Will you transcribe all the entries word for word, skipping the pictures they hold?
Source material: Begin
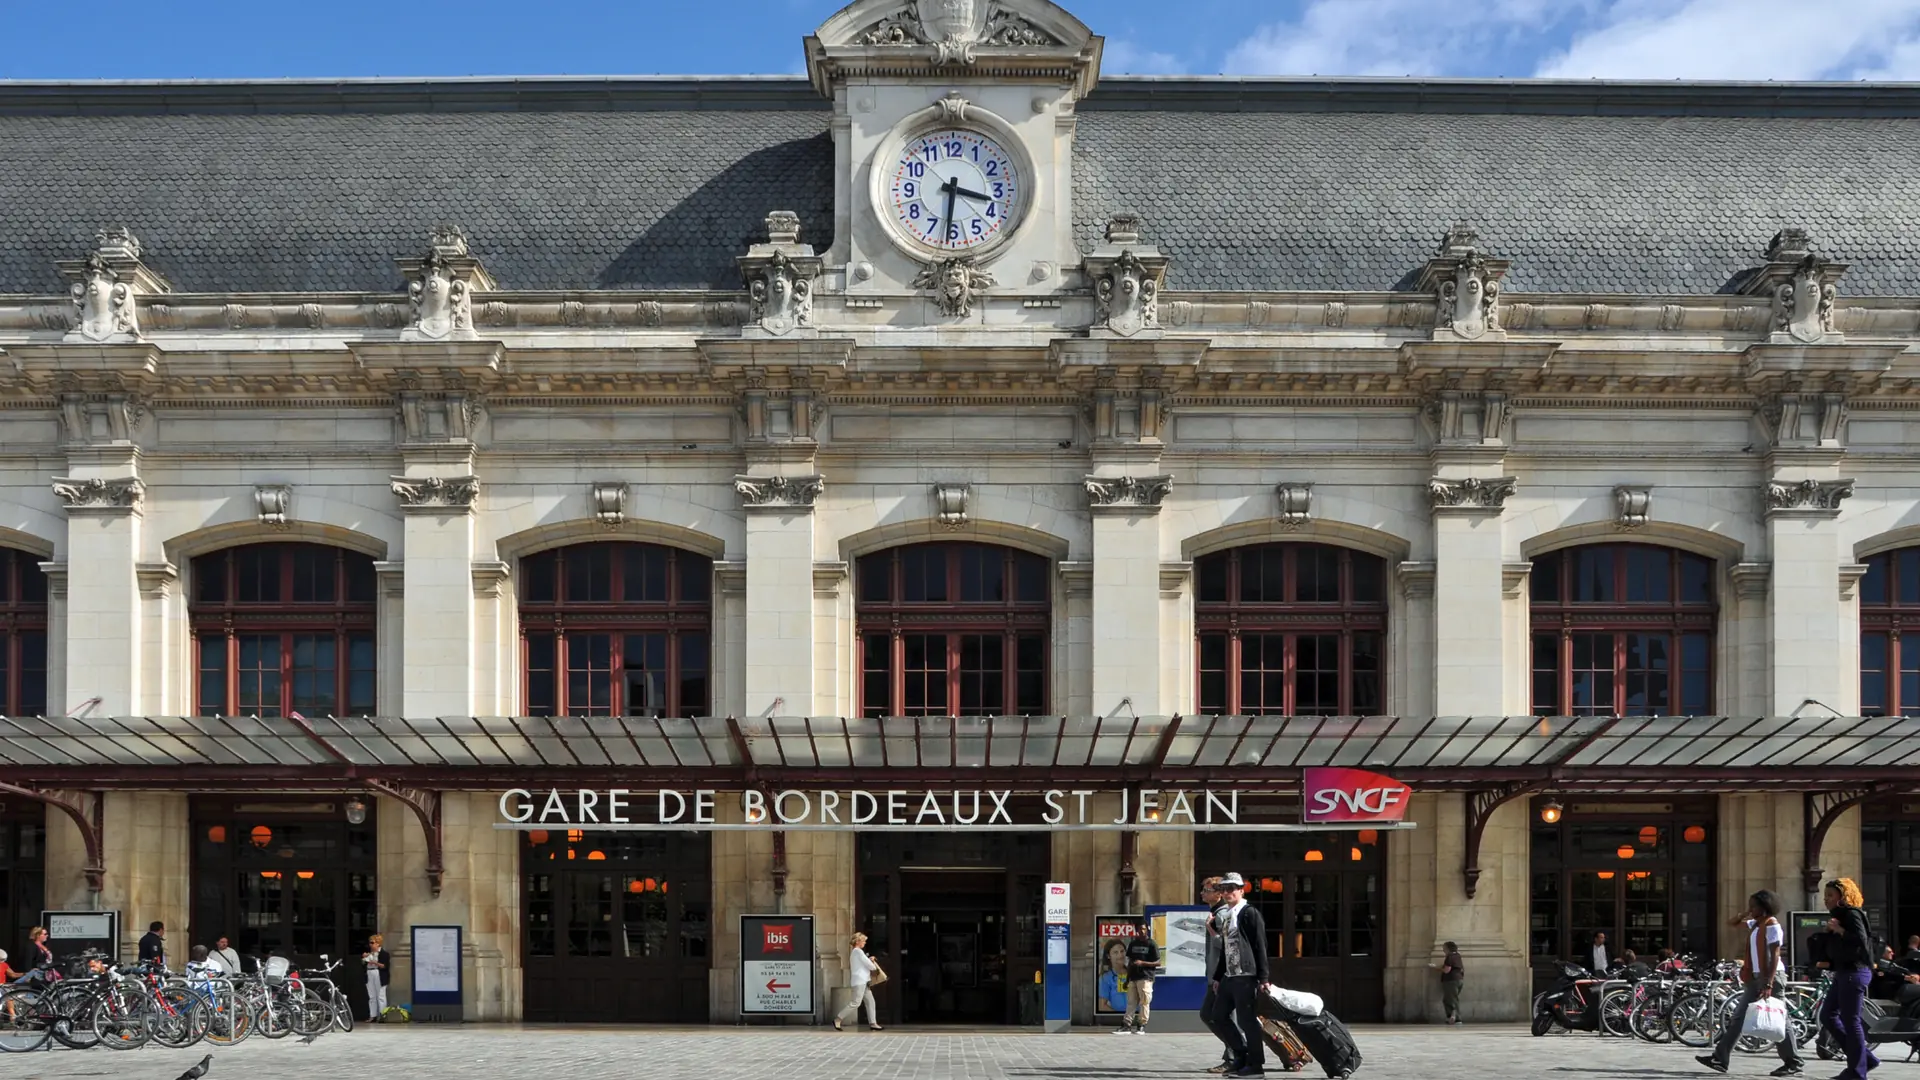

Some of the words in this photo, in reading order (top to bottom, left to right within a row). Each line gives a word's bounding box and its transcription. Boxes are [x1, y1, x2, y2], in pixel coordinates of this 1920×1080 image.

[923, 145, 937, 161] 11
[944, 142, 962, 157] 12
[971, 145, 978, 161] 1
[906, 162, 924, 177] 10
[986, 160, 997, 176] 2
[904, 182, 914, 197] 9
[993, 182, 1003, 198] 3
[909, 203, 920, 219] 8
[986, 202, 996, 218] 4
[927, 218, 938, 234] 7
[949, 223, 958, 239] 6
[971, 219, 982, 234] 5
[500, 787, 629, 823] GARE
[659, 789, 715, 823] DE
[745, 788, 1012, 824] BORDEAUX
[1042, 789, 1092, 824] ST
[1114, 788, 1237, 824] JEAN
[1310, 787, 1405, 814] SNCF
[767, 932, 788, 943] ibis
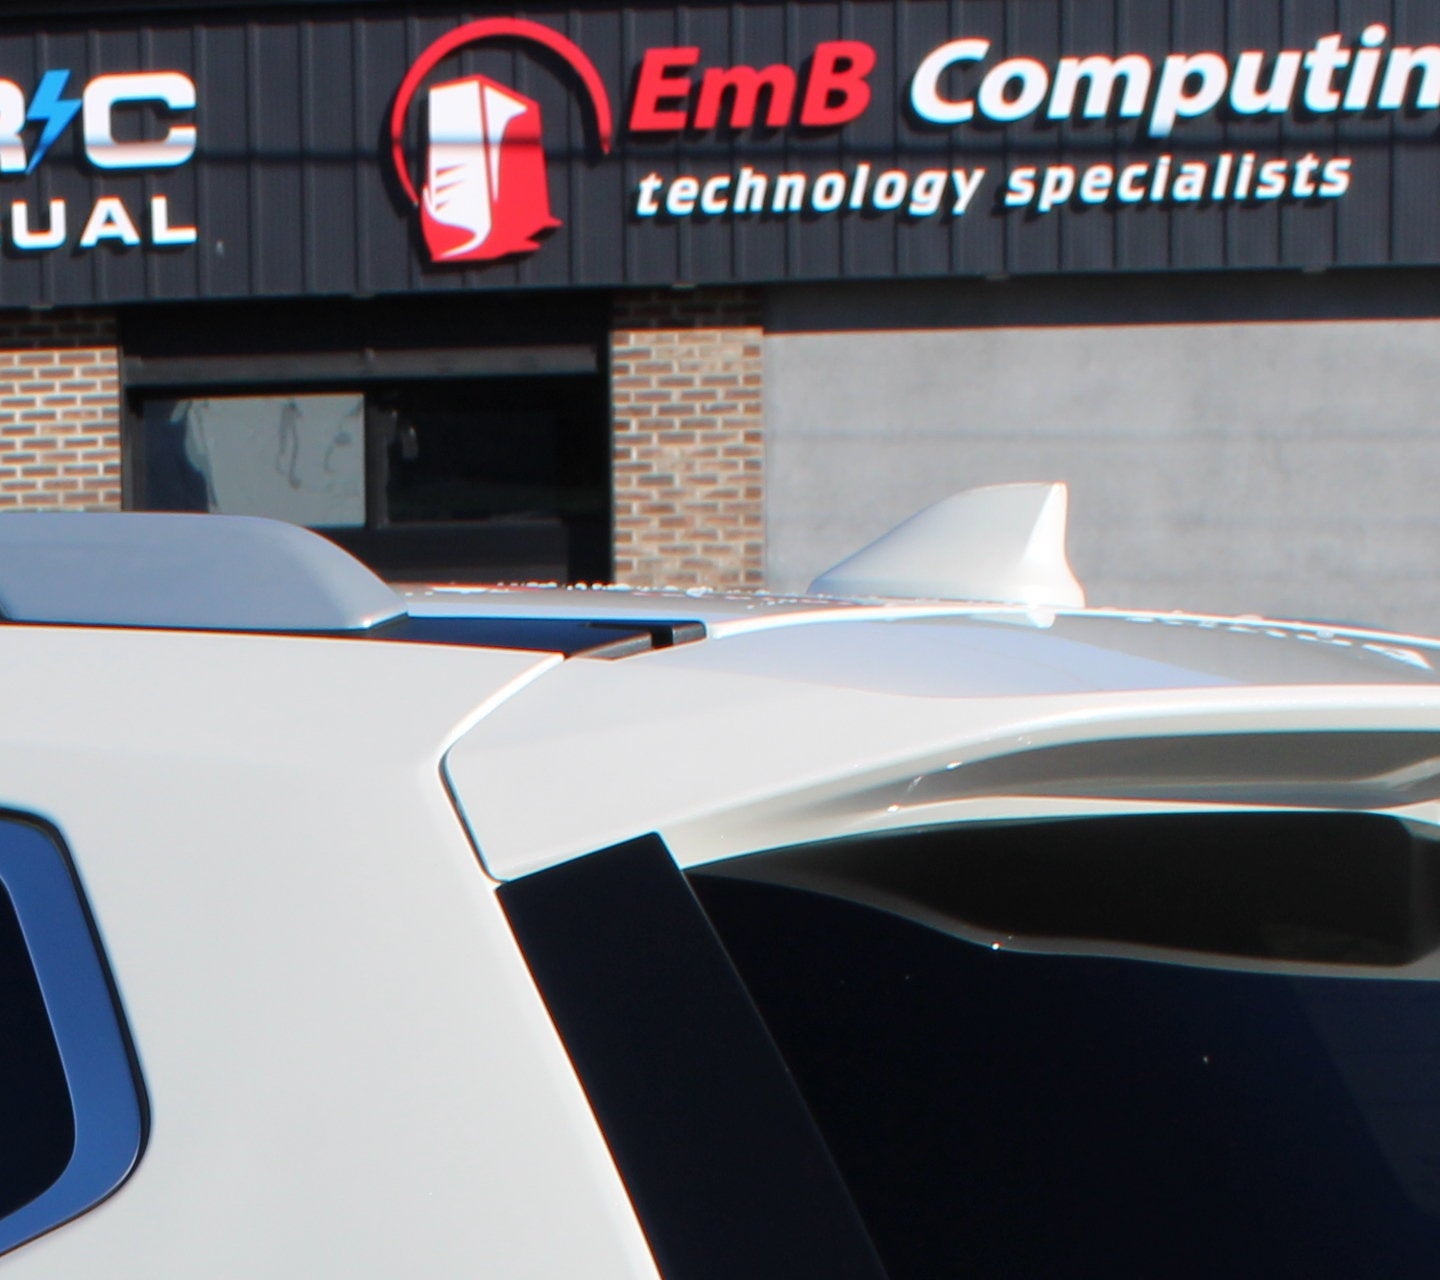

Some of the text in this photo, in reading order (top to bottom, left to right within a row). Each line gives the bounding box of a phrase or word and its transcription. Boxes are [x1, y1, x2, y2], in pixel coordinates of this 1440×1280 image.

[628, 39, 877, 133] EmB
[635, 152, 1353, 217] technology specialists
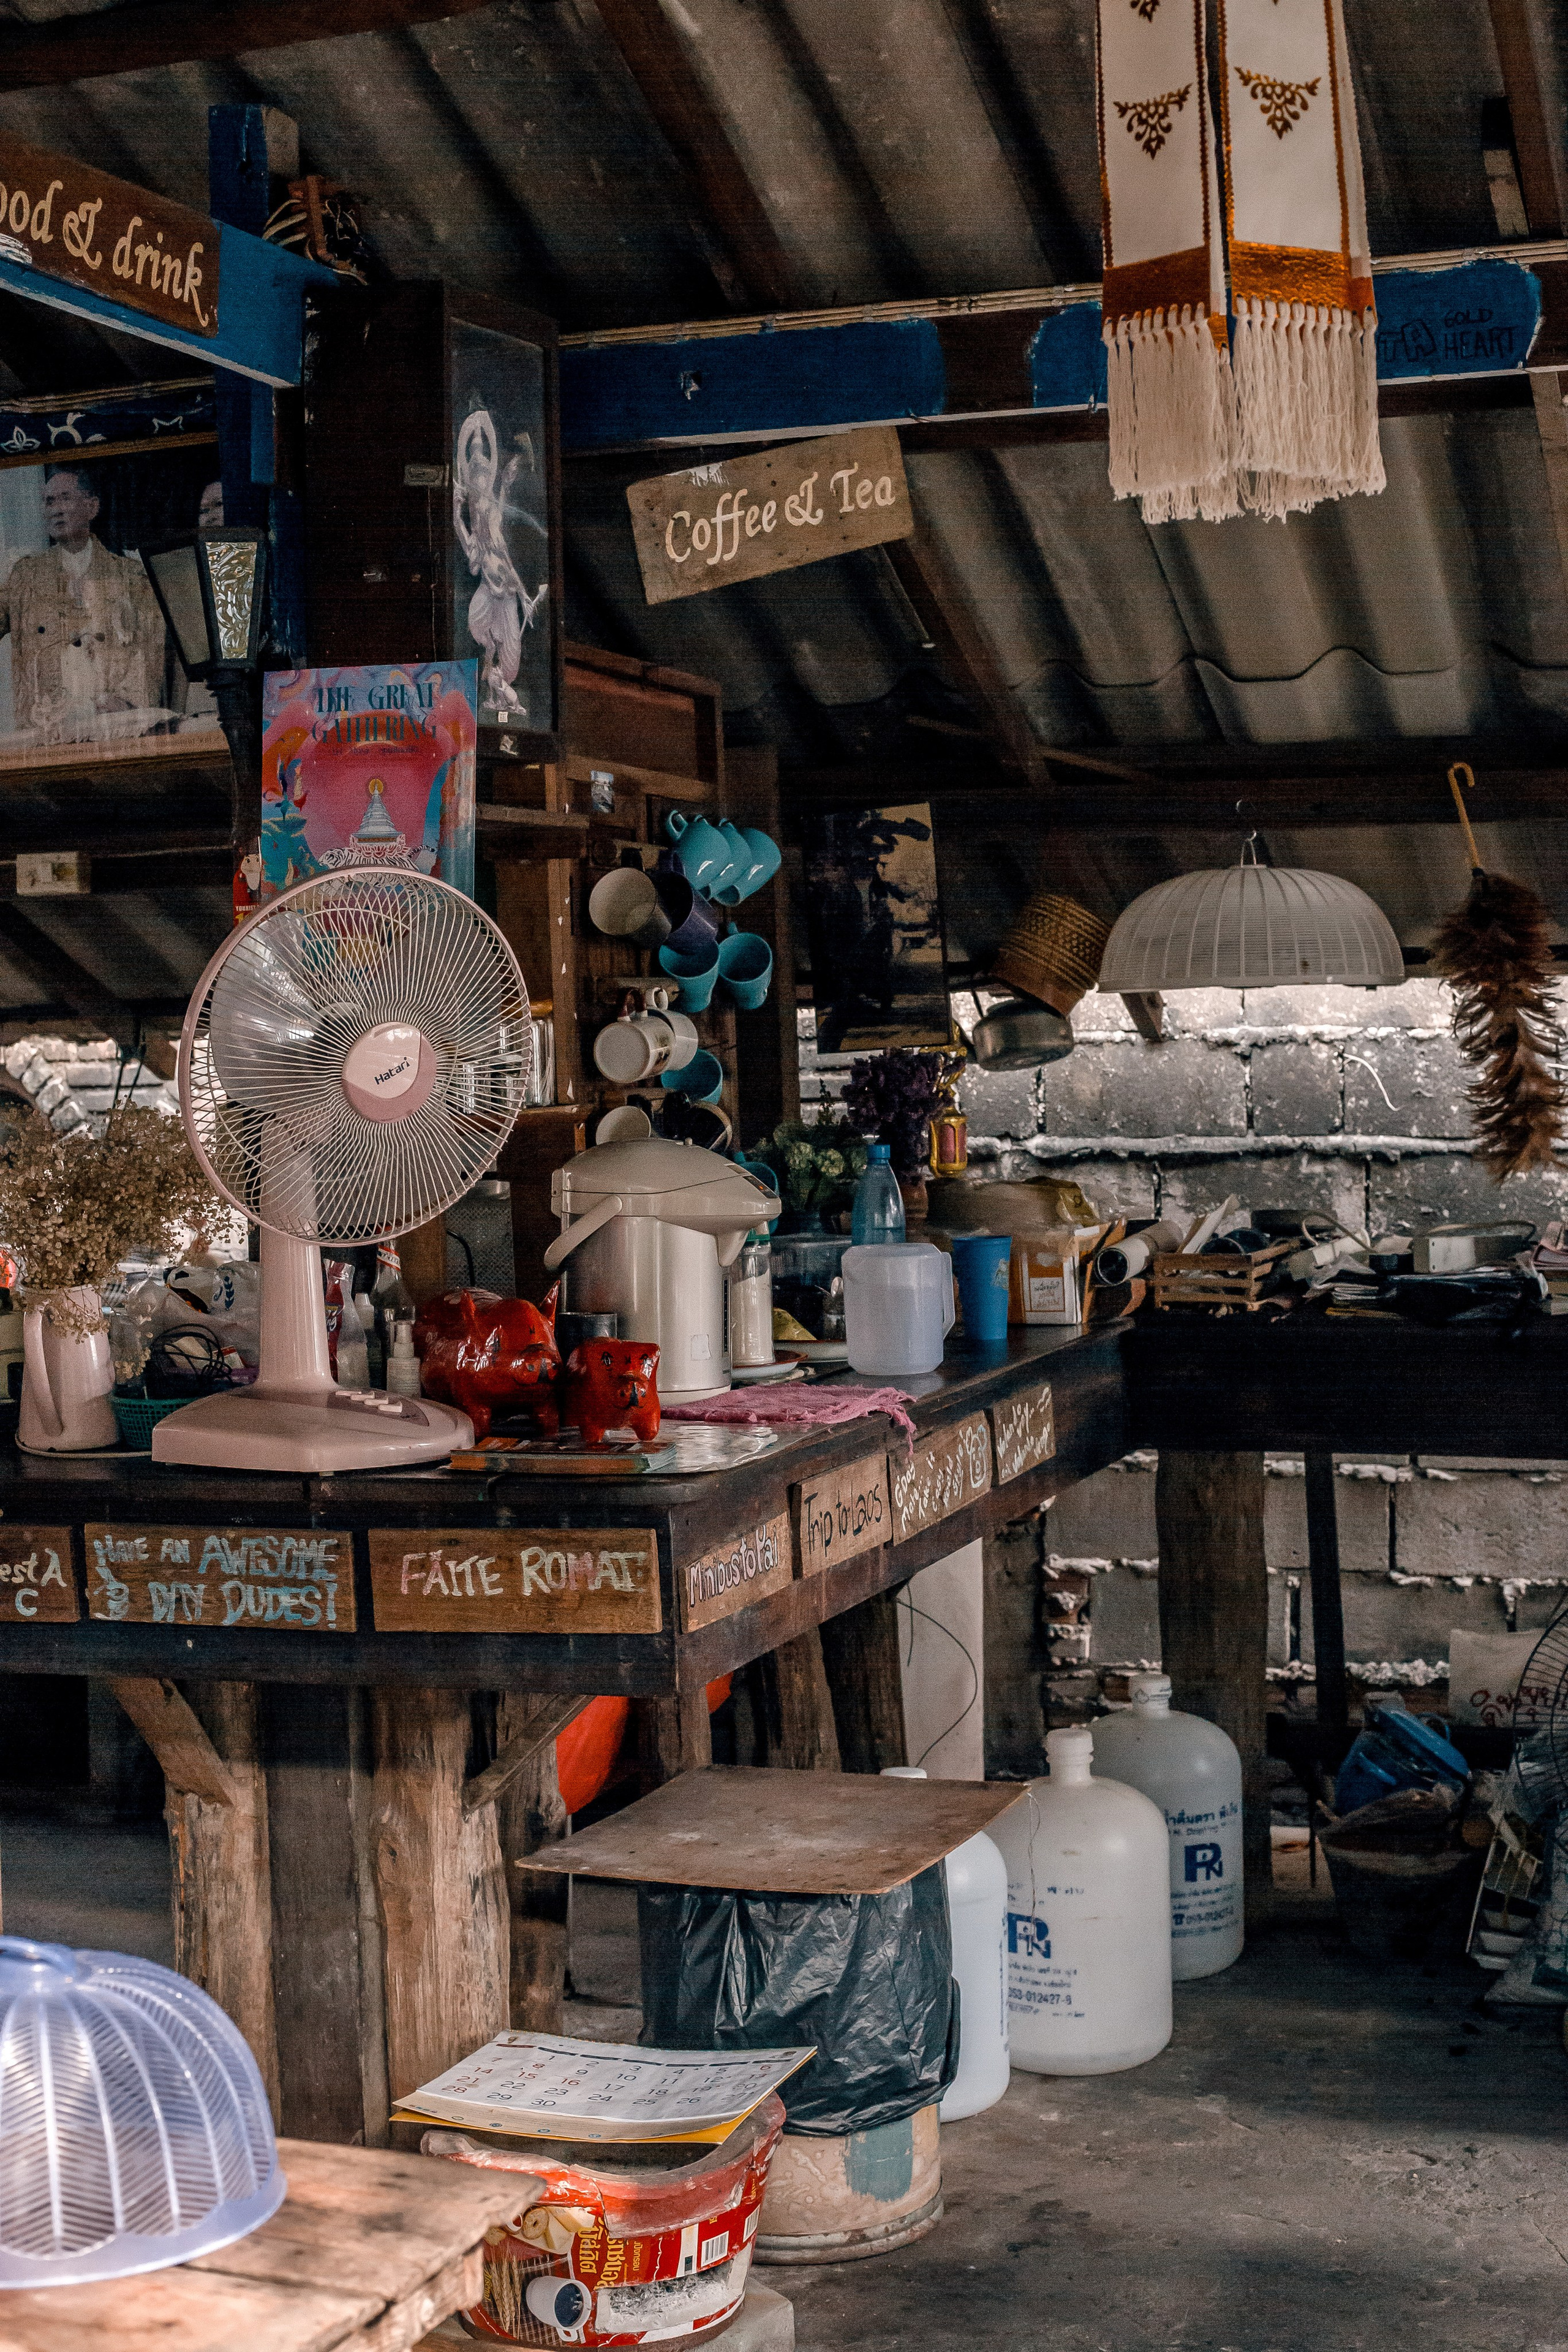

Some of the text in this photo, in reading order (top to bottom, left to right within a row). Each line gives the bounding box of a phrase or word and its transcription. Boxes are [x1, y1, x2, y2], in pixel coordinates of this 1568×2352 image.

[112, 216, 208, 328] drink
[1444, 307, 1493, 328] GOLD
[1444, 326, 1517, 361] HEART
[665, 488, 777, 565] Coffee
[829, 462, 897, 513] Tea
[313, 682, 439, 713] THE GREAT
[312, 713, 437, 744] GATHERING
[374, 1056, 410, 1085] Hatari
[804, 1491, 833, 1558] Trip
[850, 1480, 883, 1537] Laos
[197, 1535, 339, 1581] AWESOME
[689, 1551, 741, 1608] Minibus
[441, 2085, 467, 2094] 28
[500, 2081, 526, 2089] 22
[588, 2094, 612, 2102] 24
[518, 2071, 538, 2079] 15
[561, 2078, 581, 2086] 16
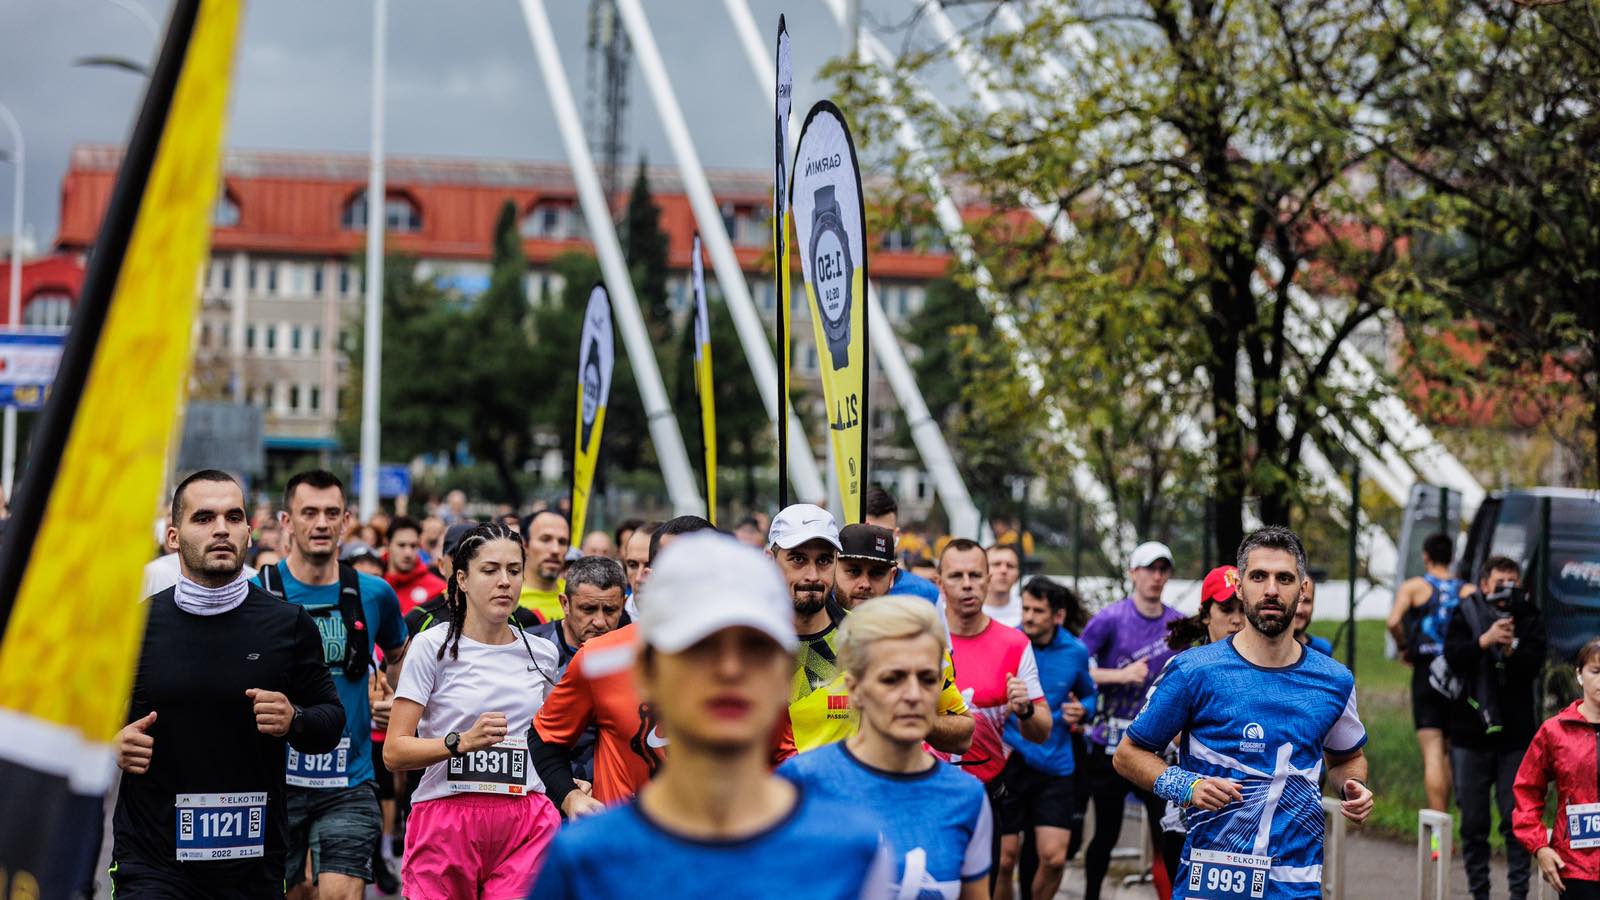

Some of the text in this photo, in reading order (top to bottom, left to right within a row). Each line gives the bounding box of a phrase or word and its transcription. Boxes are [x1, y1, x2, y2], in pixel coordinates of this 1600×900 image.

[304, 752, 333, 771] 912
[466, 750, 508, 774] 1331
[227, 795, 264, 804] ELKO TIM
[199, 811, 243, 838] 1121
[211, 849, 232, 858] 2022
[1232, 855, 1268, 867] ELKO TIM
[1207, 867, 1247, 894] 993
Source material: End
→ **Output below**:
Some of the words in this photo, in reading order (top to bottom, left to right within a row). Each line gives a word's bounding box and its transcription. Boxes are [x1, y1, x2, y2], in pixel coordinates of this 1920×1080 image.

[923, 145, 937, 161] 11
[944, 142, 962, 157] 12
[971, 145, 978, 161] 1
[906, 162, 924, 177] 10
[986, 160, 997, 176] 2
[904, 182, 914, 197] 9
[993, 182, 1003, 198] 3
[909, 203, 920, 219] 8
[986, 202, 996, 218] 4
[927, 218, 938, 234] 7
[949, 223, 958, 239] 6
[971, 219, 982, 234] 5
[500, 787, 629, 823] GARE
[659, 789, 715, 823] DE
[745, 788, 1012, 824] BORDEAUX
[1042, 789, 1092, 824] ST
[1114, 788, 1237, 824] JEAN
[1310, 787, 1405, 814] SNCF
[767, 932, 788, 943] ibis

Some of the text in this photo, in reading order (top to bottom, left to right within a row). Each line gives the bounding box of a phrase or word and its transcription. Boxes are [x1, y1, x2, y2], in pixel coordinates of this 1440×1280 image.

[628, 39, 877, 133] EmB
[635, 152, 1353, 217] technology specialists

Some of the text in this photo, in reading order (top to bottom, left to right within a row). Each line gives the bounding box of a phrase or word and its transcription. Boxes are [x1, y1, x2, y2], in pixel coordinates of this 1568×2352 image.

[112, 216, 208, 328] drink
[1444, 307, 1493, 328] GOLD
[1444, 326, 1517, 361] HEART
[665, 488, 777, 565] Coffee
[829, 462, 897, 513] Tea
[313, 682, 439, 713] THE GREAT
[312, 713, 437, 744] GATHERING
[374, 1056, 410, 1085] Hatari
[804, 1491, 833, 1558] Trip
[850, 1480, 883, 1537] Laos
[197, 1535, 339, 1581] AWESOME
[689, 1551, 741, 1608] Minibus
[441, 2085, 467, 2094] 28
[500, 2081, 526, 2089] 22
[588, 2094, 612, 2102] 24
[518, 2071, 538, 2079] 15
[561, 2078, 581, 2086] 16

Some of the text in this photo, in reading order (top to bottom, left to right within a row). Each line gives the bounding box of a phrase or word and its transcription. Boxes are [x1, y1, x2, y2], in pixel coordinates of this 1600×900 image.

[304, 752, 333, 771] 912
[466, 750, 508, 774] 1331
[227, 795, 264, 804] ELKO TIM
[199, 811, 243, 838] 1121
[211, 849, 232, 858] 2022
[1232, 855, 1268, 867] ELKO TIM
[1207, 867, 1247, 894] 993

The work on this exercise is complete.